■ **What the task asks**: Exact reproduction of every record is required, and pictures are to be excluded.

════════

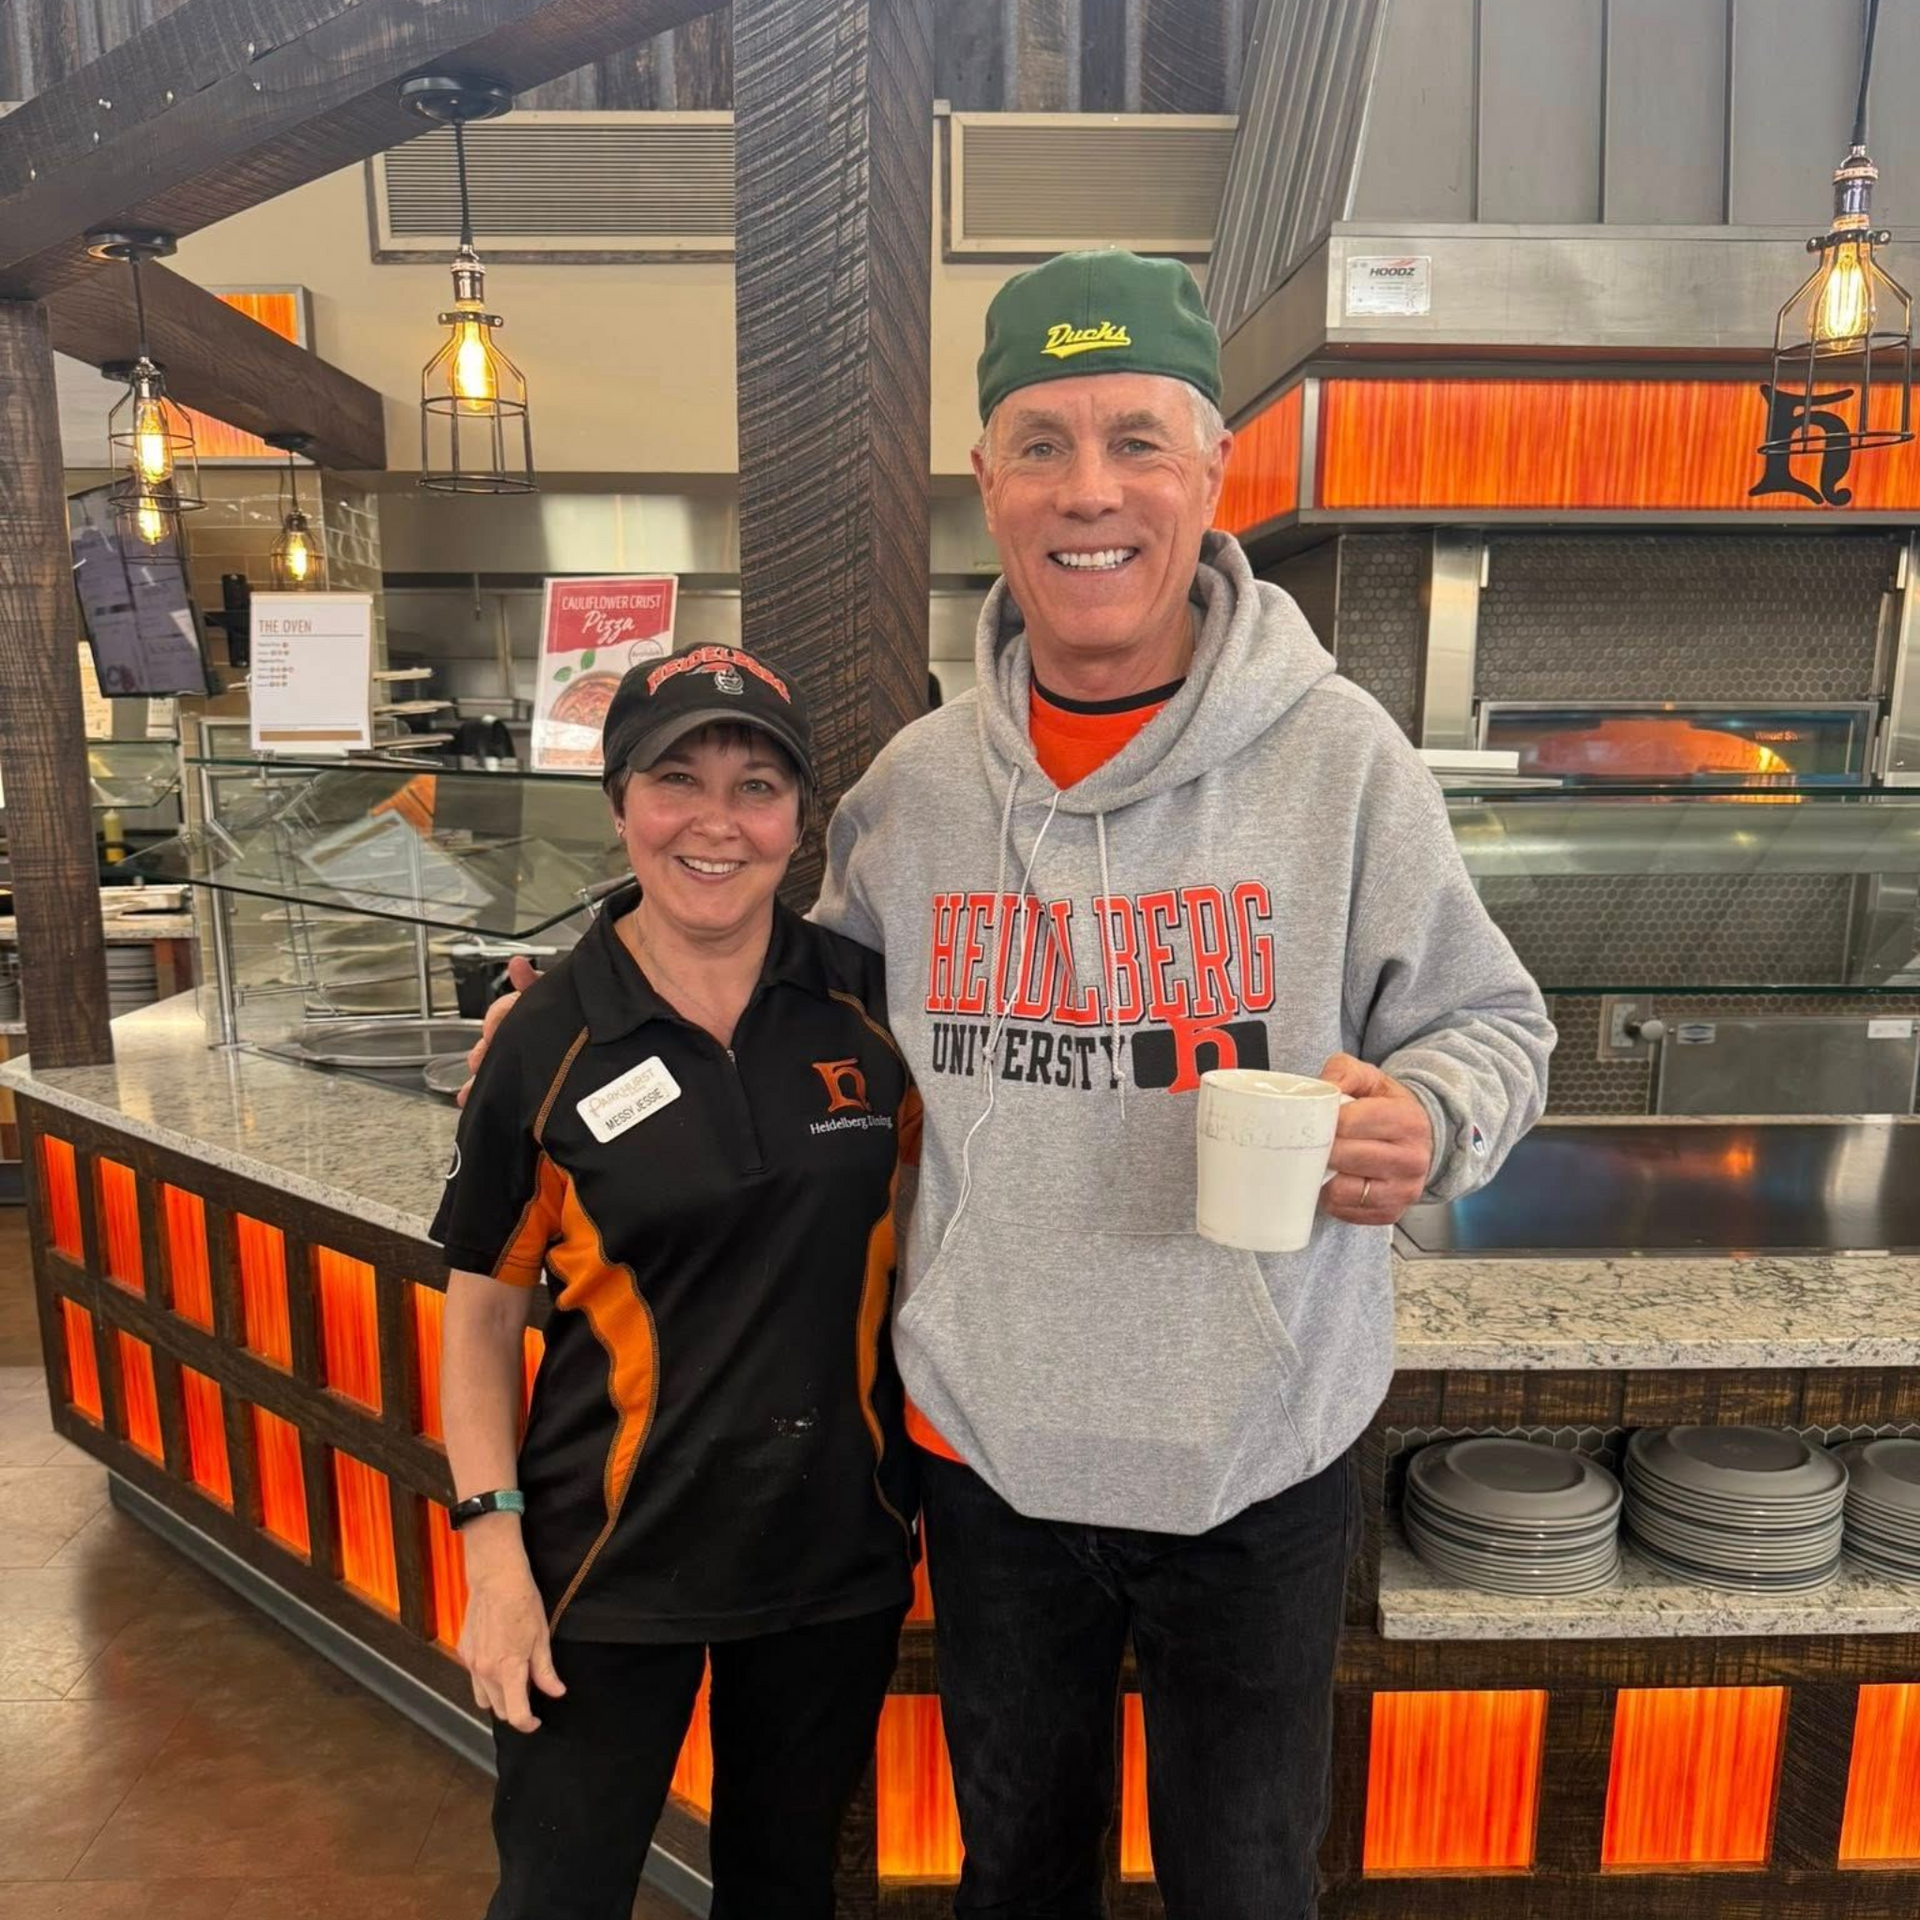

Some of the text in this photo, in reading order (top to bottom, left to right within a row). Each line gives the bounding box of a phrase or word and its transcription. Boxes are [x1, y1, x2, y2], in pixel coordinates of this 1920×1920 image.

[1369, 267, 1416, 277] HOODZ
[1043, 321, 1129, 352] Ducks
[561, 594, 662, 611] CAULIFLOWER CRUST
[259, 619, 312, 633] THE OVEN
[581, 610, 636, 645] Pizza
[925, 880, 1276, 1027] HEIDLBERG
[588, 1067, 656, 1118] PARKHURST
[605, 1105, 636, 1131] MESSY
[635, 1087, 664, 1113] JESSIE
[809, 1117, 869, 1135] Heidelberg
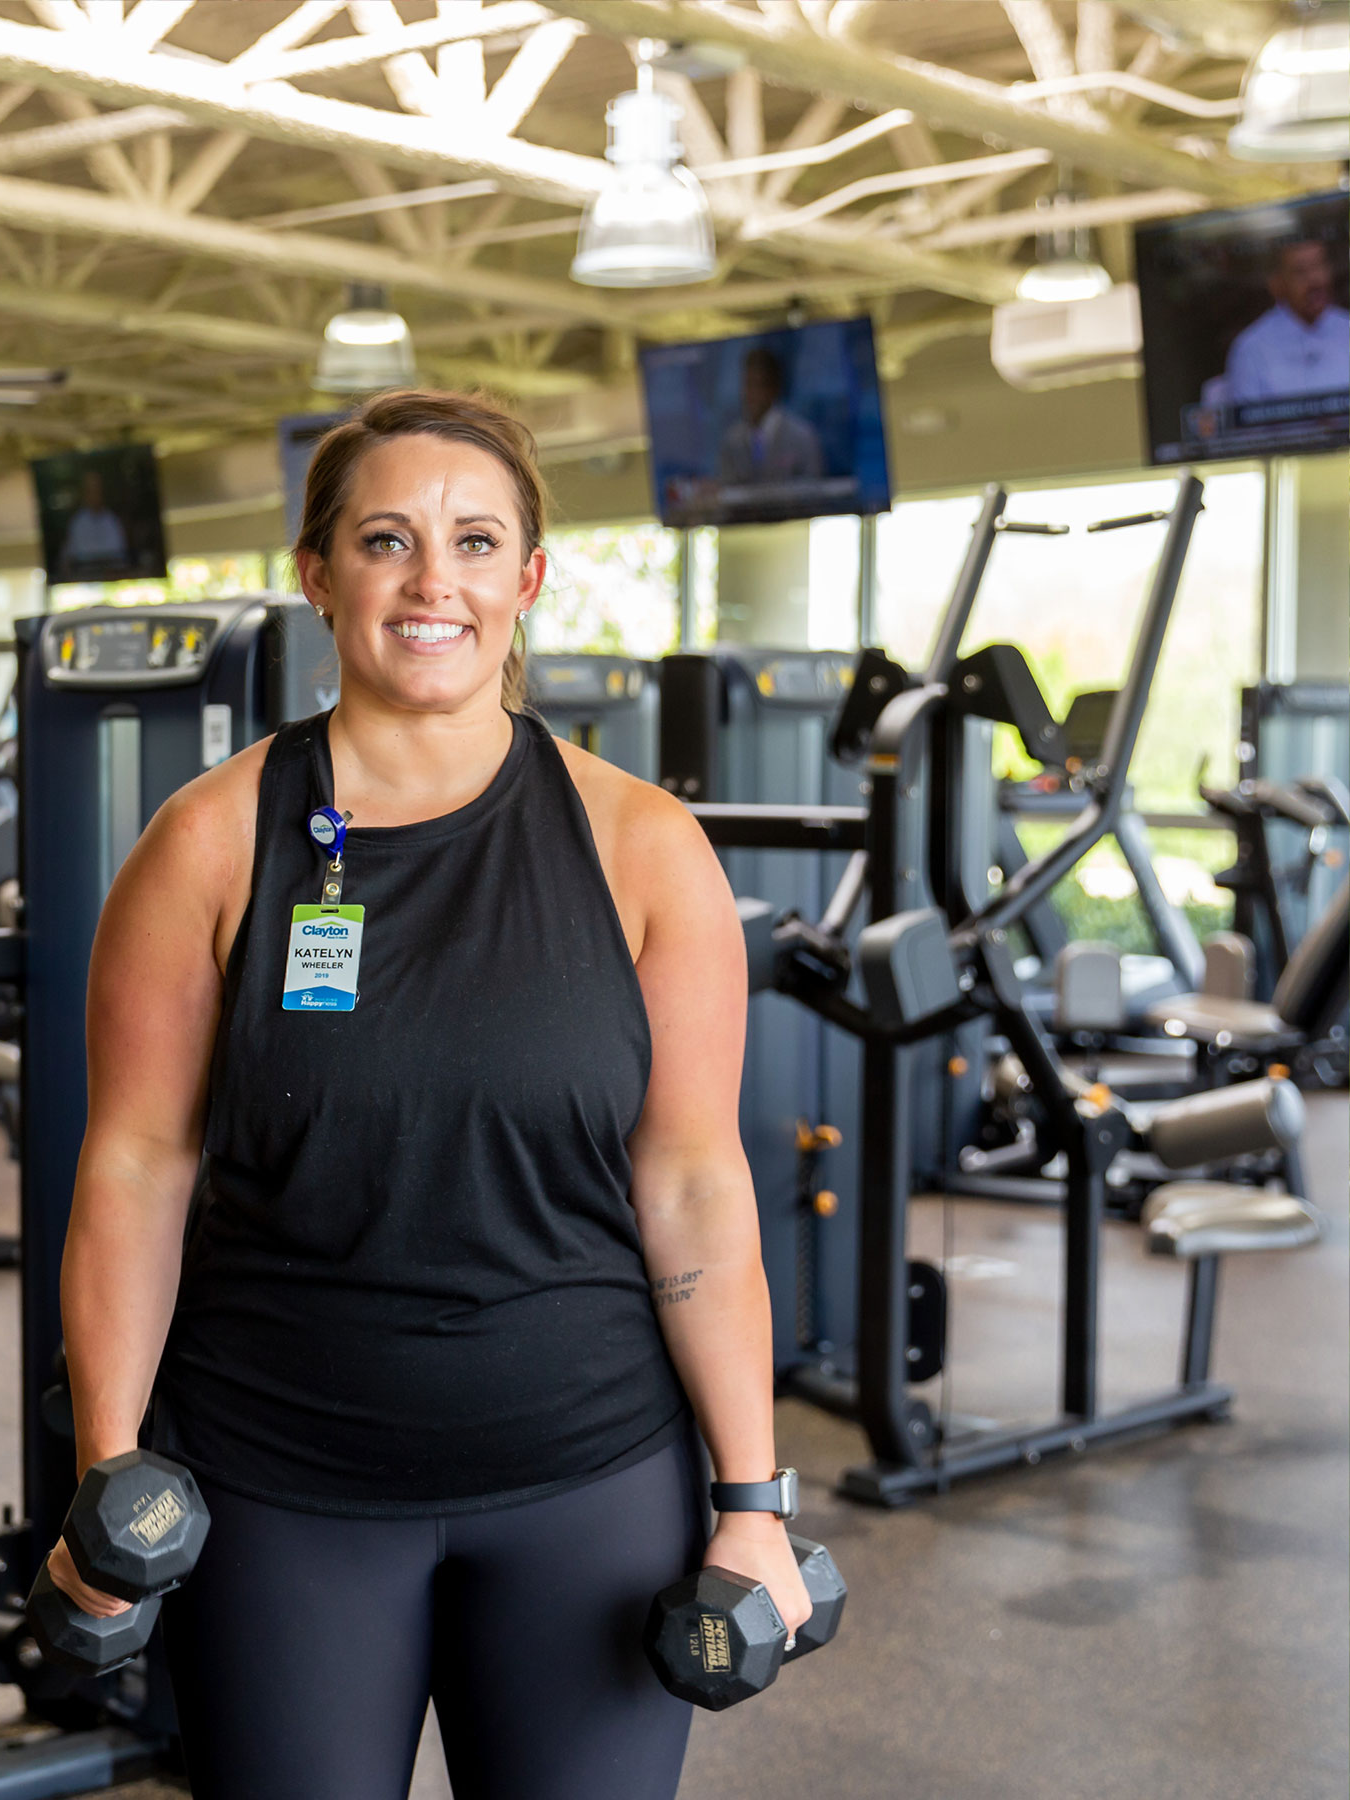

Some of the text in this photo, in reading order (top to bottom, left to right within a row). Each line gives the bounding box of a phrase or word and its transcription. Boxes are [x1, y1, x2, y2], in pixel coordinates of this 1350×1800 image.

════════

■ **Answer to this task**:
Some of the text in this photo, in reading order (top to bottom, left to right within a row). Each line gives the bounding box of a phrase or word and its transcription. Boxes are [x1, y1, x2, y2], in pixel coordinates of this 1920×1920 image.

[1369, 267, 1416, 277] HOODZ
[1043, 321, 1129, 352] Ducks
[561, 594, 662, 611] CAULIFLOWER CRUST
[259, 619, 312, 633] THE OVEN
[581, 610, 636, 645] Pizza
[925, 880, 1276, 1027] HEIDLBERG
[588, 1067, 656, 1118] PARKHURST
[605, 1105, 636, 1131] MESSY
[635, 1087, 664, 1113] JESSIE
[809, 1117, 869, 1135] Heidelberg

Some of the text in this photo, in reading order (top to bottom, left to right within a row). Each line gives the bounding box of a phrase or word and its transcription. Boxes are [x1, y1, x2, y2], in pixel coordinates of this 1350×1800 image.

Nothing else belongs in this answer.